Nas últimas
semanas, Timor-Leste tem vivido um clima de alguma apreensão social depois de a
Polícia Nacional (PNTL) ter iniciado operações de busca e captura de membros de
dois grupos liderados por ex-veteranos acusados de criar instabilidade política
e de porem em causa as instituições do Estado.
O Estado timorense
aprovou unanimemente, no passado dia 3 de Março, uma resolução que
visa pôr fim às actividades destes grupos – o Konsello Revolusionariu Maubere
(KRM) e o Conselho Popular Democrático da República Democrática de Timor-Leste
(CPD-RDTL) - e incumbiu a PNTL de fazer cumprir a resolução.
Mauk Moruk (nome de
guerra de Paulino Gama), ex-guerrilheiro e primeiro comandante da brigadas
vermelhas das FALINTIL (movimento armado da resistência à ocupação indonésia),
é o líder do recém-criado KRM que regressou a Timor-Leste em Outubro de 2013
depois de um longo período a viver na Holanda. Em declarações aos meios de
comunicaçãoafirmou que
voltou a Timor-Leste com o objectivo de fazer uma revolução para retirar a
população da pobreza, pedindo a demissão do governo e a dissolução do
parlamento e o restabelecimento da Constituição aprovada em 1975 (primeira
declaração, unilateral, da independência).
No dia 14 de Março,
os líderes do KRM Mauk Moruk e Labarik Maia, acompanhados por L7 (nome de
guerra de Cornélio Gama, irmão de Mauk Moruk), negociaram a sua entrega à
Polícia durante várias horas no quartel geral do movimento em Fatuhada.
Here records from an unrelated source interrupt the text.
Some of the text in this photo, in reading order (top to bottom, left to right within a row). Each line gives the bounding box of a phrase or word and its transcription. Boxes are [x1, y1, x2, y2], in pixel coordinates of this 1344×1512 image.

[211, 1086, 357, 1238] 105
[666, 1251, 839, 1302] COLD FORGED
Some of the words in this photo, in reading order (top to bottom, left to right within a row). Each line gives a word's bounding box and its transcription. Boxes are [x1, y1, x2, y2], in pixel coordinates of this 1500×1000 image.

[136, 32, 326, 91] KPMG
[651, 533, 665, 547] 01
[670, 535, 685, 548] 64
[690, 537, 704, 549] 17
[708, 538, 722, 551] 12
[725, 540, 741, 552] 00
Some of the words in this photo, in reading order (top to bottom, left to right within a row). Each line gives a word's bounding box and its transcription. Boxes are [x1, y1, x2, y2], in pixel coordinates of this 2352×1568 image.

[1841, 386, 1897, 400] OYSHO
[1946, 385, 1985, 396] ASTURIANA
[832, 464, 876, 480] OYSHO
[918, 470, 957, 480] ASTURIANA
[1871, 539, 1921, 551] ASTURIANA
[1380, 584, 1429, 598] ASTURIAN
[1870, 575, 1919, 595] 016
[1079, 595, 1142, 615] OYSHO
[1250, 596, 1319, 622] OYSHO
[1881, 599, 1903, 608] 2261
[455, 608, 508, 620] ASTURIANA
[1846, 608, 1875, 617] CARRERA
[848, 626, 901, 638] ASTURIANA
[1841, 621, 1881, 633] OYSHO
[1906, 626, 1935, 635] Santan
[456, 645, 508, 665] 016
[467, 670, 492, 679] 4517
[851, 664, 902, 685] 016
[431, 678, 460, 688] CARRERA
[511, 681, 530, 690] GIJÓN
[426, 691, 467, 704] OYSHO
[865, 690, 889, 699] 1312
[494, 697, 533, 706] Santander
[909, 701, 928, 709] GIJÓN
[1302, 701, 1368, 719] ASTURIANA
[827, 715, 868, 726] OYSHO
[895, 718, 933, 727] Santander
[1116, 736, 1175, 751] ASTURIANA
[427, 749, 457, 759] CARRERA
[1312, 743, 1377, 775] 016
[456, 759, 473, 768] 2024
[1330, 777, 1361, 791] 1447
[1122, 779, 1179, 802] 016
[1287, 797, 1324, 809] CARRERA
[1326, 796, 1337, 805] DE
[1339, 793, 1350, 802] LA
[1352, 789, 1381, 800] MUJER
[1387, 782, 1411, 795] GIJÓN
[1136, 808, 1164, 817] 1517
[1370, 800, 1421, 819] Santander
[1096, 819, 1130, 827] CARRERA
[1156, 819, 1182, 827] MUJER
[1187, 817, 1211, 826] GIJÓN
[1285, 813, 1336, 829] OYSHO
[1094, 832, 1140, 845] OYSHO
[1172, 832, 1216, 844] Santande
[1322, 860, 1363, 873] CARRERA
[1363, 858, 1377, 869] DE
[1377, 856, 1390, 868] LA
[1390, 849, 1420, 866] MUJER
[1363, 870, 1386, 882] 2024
No fim
das negociações, L7 declarou aos mediaque
iria cooperar com o Estado para garantir a paz e o bem-estar da população,
deixando o aviso que se ele pretendesse “Díli inteiro estaria a arder”.
Os dois primeiros
foram presos
preventivamente [tet], enquanto que L7 está sujeito a termo de
identidade e residência. Por outro lado, António Ai-Tahan Matak, ex-veterano e
líder da CPD-RDTL, entregou-se voluntariamente às autoridades, tendo o tribunal
decretado igualmente termo de identidade e residência.
Dias antes, a
operação policial em Lalulai, uma povoação no conselho de Baucau onde membros
do KRM estavam a viver, resultou num tiroteio entre a polícia e os
revolucionários e num polícia ferido por um cocktail molotov. A divulgação de
um video publicado
pelo jornal Tempo Semanal, que mostra cenas da actuação policial nesta
povoação, provocou [tet]
a consternação de parte do público timorense. O vídeo mostra cenas de casas
incendiadas pela polícia, bem como de um polícia a disparar para o interior da
casa de onde se vê sair, segundos depois, uma mulher com o filho ao colo.
A sucessão de
acontecimentos que levou à operação policial começou em Novembro de 2013,
quando membros do KRM foram vistos [en]
a marchar com fardas e insígnias militares num campo de futebol em Laga, no
concelho de Baucau, suscitando [tet]
uma onda de preocupação entre a população e a classe política. Mauk Moruk
desafiou então Xanana Gusmão, actual primeiro-ministro e ministro da defesa e
segurança timorense, para um debate sobre a história da luta armada na qual os
dois foram protagonistas de divergências sobre o comando da luta. O debate
decorreu no dia 11 de Novembro de 2013 no Centro de Convenções de Dili, ao qual
Mauk Moruk não compareceu. Xanana e outros antigos membros da resistência
timorense discutiram [tet]
os eventos e divisões durante a guerrilha nos anos 80, que a população pode
assistir em directo na
televisão pública (RTTL).
O CPD-RDTL, por
outro lado, é uma organização constituída em 1999 por uma facção dissidente da
FRETILIN. Ao longo dos anos esta organização tem sido acusada [en]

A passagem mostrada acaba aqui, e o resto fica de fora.